Perché quello che è avvenuto in questi ultimi decenni è, appunto, un gigantesco mai così veloce shift di potere, economico e non solo. Se il tuo titolo di studio non serve più ad assicurarti un posto di lavoro, hai meno potere. Se il tuo lavoro non garantisce più uno stipendio capace di migliorare la tua condizione socio-economica, hai meno potere. Se l’ascensore sociale tuo e dei tuoi coetanei è bloccato da anni, hai meno potere. Se i diritti civili conquistati sono quasi neutralizzati dalla perdita di autonomia economica, hai meno potere. Se, di contro, i tuoi avversari hanno un potere enorme e ogni giorno lo accrescono, ecco che il gioco è fatto.

Difficile capire come si possa ridefinire un campo di gioco più equilibrato.
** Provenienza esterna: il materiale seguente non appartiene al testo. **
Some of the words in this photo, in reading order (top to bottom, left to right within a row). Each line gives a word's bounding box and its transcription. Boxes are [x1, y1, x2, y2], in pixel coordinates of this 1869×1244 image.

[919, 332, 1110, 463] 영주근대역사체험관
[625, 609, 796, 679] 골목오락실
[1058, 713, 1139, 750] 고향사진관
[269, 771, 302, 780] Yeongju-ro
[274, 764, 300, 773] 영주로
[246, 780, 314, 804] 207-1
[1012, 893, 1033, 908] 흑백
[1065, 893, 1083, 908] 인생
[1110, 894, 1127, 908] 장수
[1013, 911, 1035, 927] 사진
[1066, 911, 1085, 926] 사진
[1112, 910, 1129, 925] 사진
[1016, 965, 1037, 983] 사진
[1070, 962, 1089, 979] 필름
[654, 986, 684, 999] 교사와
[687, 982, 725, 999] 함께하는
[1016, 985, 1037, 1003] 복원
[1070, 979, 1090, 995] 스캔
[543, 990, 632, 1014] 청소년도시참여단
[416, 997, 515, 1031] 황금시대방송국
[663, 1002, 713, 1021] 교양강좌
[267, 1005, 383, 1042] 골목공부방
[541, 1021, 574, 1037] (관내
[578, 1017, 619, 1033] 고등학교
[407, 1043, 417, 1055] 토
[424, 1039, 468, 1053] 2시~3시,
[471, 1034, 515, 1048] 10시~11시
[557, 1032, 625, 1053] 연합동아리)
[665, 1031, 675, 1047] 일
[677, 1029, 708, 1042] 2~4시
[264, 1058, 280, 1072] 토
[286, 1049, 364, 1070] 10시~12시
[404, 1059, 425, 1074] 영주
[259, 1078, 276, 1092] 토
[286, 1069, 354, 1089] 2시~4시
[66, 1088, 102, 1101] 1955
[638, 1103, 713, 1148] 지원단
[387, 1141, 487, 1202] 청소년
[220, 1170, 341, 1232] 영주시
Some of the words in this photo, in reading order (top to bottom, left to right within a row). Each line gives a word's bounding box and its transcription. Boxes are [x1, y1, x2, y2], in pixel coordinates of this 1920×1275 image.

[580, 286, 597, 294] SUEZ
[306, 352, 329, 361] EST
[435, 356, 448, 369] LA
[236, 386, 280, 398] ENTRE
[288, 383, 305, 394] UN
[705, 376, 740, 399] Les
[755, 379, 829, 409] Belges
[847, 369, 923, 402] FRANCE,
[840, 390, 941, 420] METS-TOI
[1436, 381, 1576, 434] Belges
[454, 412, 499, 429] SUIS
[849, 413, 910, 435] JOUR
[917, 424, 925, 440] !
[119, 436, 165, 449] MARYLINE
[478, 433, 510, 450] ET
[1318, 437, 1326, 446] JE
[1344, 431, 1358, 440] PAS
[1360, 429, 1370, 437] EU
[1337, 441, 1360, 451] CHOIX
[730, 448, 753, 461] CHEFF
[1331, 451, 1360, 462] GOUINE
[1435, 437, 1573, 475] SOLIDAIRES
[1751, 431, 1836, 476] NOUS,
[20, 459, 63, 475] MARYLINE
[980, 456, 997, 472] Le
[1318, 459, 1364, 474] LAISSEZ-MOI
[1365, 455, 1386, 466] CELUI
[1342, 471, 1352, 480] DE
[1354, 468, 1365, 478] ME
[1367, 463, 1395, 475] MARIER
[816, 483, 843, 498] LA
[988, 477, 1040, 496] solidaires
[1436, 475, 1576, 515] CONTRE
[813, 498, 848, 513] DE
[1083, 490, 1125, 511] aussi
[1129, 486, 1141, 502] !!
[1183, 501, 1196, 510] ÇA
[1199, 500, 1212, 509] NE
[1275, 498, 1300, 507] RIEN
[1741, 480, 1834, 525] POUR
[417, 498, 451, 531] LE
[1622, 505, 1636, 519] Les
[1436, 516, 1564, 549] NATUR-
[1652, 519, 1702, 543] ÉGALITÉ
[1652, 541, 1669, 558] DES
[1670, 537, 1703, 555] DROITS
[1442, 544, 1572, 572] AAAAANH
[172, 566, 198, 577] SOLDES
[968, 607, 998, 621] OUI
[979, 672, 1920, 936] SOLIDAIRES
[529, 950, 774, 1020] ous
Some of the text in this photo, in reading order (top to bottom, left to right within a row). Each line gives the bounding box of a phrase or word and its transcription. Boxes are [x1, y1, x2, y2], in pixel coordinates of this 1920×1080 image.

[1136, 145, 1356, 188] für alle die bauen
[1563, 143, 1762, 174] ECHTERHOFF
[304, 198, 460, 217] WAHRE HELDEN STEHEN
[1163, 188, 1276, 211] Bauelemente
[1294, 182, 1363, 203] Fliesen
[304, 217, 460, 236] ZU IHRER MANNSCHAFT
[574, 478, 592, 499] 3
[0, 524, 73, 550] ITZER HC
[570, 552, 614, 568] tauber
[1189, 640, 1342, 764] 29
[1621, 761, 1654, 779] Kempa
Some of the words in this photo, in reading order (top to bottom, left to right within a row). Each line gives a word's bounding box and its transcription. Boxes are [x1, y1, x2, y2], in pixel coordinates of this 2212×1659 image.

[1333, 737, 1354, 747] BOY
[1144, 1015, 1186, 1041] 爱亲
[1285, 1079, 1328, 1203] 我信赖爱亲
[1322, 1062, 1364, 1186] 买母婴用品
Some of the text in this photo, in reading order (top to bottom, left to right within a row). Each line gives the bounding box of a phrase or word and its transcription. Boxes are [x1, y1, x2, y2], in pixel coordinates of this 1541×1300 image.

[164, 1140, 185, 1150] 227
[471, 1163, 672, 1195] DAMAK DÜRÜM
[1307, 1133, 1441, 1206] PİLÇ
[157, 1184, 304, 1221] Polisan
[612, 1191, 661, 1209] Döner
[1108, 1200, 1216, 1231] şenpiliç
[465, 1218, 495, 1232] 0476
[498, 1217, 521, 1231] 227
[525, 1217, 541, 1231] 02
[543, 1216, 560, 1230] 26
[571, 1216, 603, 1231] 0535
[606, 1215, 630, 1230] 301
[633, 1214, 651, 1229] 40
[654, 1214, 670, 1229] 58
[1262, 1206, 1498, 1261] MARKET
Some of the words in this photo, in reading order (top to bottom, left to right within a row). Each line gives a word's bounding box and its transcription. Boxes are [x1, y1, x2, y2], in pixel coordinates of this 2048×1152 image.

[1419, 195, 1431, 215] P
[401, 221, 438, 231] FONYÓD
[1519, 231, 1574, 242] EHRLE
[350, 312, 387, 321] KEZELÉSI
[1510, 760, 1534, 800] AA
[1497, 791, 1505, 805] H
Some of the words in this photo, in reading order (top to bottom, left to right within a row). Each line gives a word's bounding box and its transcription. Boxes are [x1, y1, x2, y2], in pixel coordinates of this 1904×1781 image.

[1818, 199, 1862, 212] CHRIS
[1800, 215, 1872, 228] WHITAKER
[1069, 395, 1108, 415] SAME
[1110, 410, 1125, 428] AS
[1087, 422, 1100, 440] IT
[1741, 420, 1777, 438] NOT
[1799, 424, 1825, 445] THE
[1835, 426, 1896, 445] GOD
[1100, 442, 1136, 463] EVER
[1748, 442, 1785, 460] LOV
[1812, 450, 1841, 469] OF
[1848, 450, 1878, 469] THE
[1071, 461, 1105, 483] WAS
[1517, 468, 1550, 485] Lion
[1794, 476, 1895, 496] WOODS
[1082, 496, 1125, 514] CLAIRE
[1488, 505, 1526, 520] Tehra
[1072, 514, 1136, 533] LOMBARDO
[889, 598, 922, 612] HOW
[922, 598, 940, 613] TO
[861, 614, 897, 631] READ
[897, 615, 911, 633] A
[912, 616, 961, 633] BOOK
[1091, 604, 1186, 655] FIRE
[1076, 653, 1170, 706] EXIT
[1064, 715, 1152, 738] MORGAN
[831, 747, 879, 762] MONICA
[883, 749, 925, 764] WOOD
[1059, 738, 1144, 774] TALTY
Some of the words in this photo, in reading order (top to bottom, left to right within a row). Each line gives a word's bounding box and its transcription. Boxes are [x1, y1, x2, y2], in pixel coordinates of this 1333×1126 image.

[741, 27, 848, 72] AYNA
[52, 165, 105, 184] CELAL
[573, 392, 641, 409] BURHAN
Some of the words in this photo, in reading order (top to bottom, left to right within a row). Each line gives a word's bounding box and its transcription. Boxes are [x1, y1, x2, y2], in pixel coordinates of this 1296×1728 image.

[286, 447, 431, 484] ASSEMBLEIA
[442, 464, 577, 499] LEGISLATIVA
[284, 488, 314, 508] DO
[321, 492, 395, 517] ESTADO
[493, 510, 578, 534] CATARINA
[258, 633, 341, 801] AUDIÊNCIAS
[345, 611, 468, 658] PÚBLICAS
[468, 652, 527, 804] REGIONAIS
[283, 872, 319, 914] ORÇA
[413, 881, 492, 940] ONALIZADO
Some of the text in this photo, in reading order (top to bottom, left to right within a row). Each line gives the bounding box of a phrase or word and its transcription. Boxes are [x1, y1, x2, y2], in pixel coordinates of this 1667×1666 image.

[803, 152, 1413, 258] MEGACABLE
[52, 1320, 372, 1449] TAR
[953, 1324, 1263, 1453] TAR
Al momento di sicuro non lo sta facendo la pandemia, e non ci sono certo segnali che ci penserà il disastro climatico (come sappiamo, sono processi legati a doppio filo) e, ovviamente, sarebbe soluzione ben triste dover ricorrere a degli eventi così drammatici per rendere il mondo un posto un po’ meno diseguale.

L’altro grande storico riduttore di distanze, il lavoro, non sembra certo passarsela bene, è anzi anch’esso, da decenni, sotto attacco ((disoccupazione, precariato, diminuzione potere d’acquisto dei redditi da lavoro).

Anche per ovviare a questi ultimi fenomeni, ovvero la crescita di lavoratori sempre meno tutelati e sempre meno in grado di contrastare il proprio rischio di vulnerabilità economica e sociale, da tempo si sta ragionando e in alcuni casi sperimentando in termini di reddito universale di base che, ricordiamolo, deve essere: periodico (non una tantum), in moneta (libertà totale di impiego da parte del ricevente), universale (per tutti, senza selezione/dimostrazione dei mezzi), individuale (non familiare) e non correlato ad alcun impegno da parte del ricevente (nemmeno alla ricerca del lavoro). Con una storia antica e promosso negli ultimi anni soprattutto come risposta all’automazione tecnologica che espelle i lavoratori meno qualificati dal mercato del lavoro, si sta dimostrando efficace anche nel rendere possibile il rifiuto di una proposta di lavoro se economicamente non concorrenziale con il RU stesso. 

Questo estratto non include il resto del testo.